Réaction d'un éditorialiste de la Bussola, Luigi Santambrogio (14/1/2015)

>>> Cf.
Eux, ils sont Charlie

     

Alertée par une amie, il me semble avoir été la première en France à signaler la "Une" (que j'ai trouvée scandaleuse) de la revue jésuite Etudes, dimanche dernier, je l'avais même twitté.
Je ne suis pas une habituée des réseaux sociaux, n'y intervenant pratiquement jamais, et mon tweet n'a été "retwitté" qu'une fois (merci à "mcm"...). Mais l'essentiel est que l'information ait finalement circulé.

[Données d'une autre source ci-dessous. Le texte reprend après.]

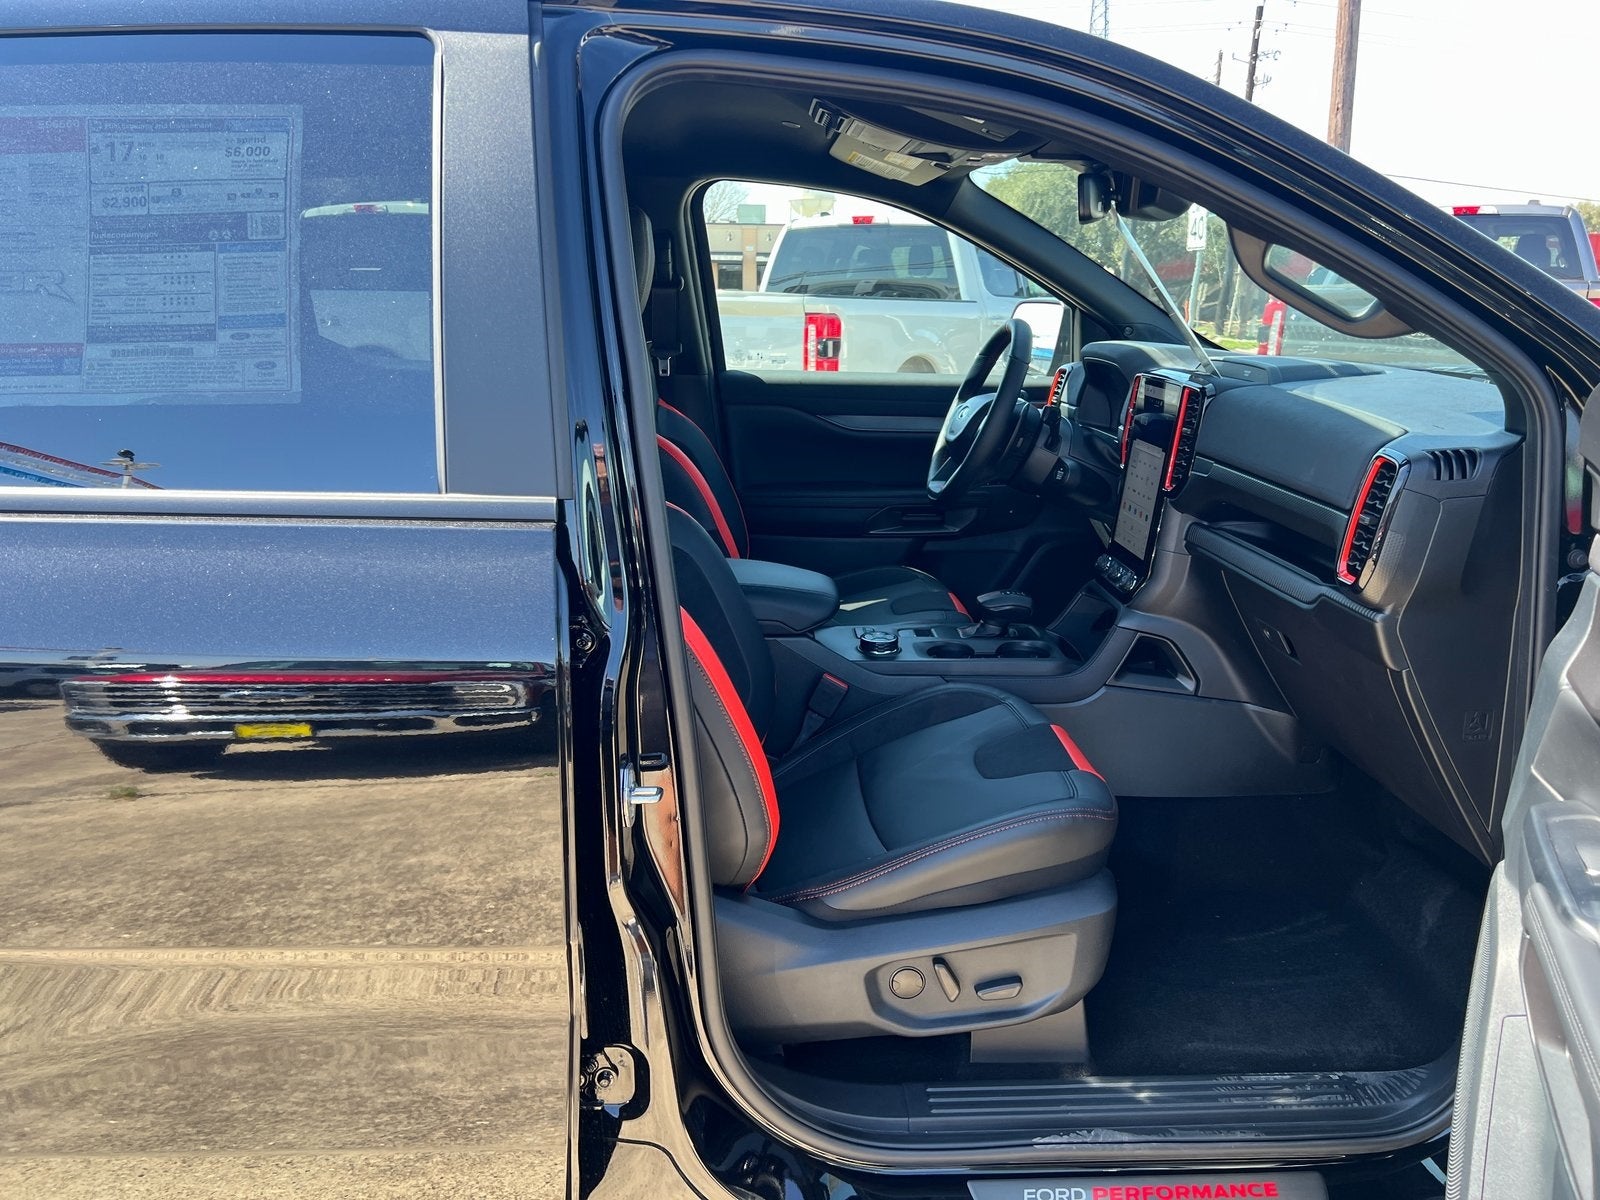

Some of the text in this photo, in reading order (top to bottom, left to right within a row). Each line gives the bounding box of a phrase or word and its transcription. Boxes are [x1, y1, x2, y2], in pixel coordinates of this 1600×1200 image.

L'article annonçant «Nous avons fait le choix de mettre en ligne quelques caricatures de Charlie Hebdo qui se rapportent au catholicisme...» a, comme je le prévoyais, disparu du site, mais il est encore disponible pour le moment dans le cache de Google et on peut y découvrir 97 réactions de lecteurs (dont beaucoup de positives, hélas, malgré ce qu'affirme Luigi Santambrogio).

L'"insolence" (!!) de la revue jésuite n'a du reste pas échappé aux médias, comme en témoigne cet article du Point:

Audace et courage. Parmi les nombreux hommages vus, lus et entendus ces jours-ci à la liberté d'expression, en voici un très fort. Il émane des pères jésuites d'Études. Les animateurs de cette revue intellectuelle, fondée en 1856 et dont l'audience et l'influence dépassent largement les cercles catholiques, ont publié sur leur site internet les caricatures de Charlie Hebdo... sur le pape et les catholiques. Un choix osé que le rédacteur en chef François Euvé justifie ainsi au Point.fr :
« Je n'étais pas lecteur de Charlie Hebdo. De ce que j'en percevais, j'étais plutôt critique sur leur façon de parler de religion, mais je pense qu'il était important de montrer notre capacité à accepter cette forme de dérision pour nous. (...) Il ne s'agit pas de sacraliser Charlie. On peut discuter les choix et les cibles de ce journal tout en reconnaissant la pertinence que ces dessinateurs ont pu avoir en s'attaquant AUX intégrismeS (notez le pluriel). Il y a une forme de dérision qui peut être féconde».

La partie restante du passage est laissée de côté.